→ **TASK DETAILS**:
Using the records provided below, locate and copy each line that contains the word "POSITION".

[Text-to-region grounding data]
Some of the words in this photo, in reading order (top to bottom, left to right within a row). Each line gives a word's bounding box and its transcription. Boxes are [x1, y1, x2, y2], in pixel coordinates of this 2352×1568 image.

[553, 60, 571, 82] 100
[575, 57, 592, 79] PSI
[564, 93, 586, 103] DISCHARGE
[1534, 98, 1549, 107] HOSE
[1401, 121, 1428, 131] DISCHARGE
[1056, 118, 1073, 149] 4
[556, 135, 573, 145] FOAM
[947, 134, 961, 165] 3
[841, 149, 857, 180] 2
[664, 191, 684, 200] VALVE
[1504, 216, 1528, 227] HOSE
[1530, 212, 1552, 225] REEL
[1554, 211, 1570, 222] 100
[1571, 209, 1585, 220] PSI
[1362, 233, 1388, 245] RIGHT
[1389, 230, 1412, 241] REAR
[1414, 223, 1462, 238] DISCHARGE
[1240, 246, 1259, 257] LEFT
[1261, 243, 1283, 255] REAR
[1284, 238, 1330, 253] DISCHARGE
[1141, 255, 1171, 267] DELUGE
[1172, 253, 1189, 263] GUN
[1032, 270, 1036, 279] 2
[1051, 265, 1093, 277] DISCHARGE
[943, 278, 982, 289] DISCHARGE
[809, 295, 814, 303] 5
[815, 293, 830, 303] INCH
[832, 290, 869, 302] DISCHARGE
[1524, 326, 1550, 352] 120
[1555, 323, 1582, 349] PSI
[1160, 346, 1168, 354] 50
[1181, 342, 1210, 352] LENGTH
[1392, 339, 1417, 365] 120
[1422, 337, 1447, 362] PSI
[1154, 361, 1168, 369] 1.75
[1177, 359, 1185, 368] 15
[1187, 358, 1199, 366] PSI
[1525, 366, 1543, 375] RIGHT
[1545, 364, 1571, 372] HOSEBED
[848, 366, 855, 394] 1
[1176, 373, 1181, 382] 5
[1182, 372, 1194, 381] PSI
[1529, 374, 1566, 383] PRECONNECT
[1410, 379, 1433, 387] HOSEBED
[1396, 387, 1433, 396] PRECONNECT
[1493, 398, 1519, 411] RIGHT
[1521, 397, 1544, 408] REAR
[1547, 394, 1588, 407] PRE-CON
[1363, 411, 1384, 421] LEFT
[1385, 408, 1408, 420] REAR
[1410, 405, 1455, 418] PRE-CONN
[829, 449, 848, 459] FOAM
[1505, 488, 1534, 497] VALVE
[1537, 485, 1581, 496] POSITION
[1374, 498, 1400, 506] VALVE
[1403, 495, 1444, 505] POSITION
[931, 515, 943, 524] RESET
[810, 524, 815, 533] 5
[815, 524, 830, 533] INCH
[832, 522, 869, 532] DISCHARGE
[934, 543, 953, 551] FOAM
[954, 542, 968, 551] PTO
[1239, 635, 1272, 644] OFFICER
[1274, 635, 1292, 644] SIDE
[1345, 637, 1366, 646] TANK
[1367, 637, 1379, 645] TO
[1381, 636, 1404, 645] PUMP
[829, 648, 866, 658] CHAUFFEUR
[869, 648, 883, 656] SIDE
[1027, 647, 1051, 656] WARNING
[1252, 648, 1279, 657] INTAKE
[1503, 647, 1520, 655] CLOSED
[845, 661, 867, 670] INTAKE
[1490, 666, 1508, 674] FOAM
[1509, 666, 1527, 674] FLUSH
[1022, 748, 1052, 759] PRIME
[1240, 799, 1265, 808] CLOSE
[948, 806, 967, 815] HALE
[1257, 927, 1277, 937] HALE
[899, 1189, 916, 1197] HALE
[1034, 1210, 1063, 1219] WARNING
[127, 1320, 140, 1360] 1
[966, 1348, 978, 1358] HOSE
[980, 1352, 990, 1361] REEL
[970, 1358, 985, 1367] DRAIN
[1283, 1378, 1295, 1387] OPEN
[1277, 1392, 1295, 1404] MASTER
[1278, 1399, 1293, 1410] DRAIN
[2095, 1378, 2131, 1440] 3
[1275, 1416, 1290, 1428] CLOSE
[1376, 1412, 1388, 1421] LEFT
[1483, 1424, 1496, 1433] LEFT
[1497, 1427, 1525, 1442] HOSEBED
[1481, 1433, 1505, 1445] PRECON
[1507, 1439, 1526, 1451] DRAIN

→ **EXERCISE RESPONSE**:
[1537, 485, 1581, 496] POSITION
[1403, 495, 1444, 505] POSITION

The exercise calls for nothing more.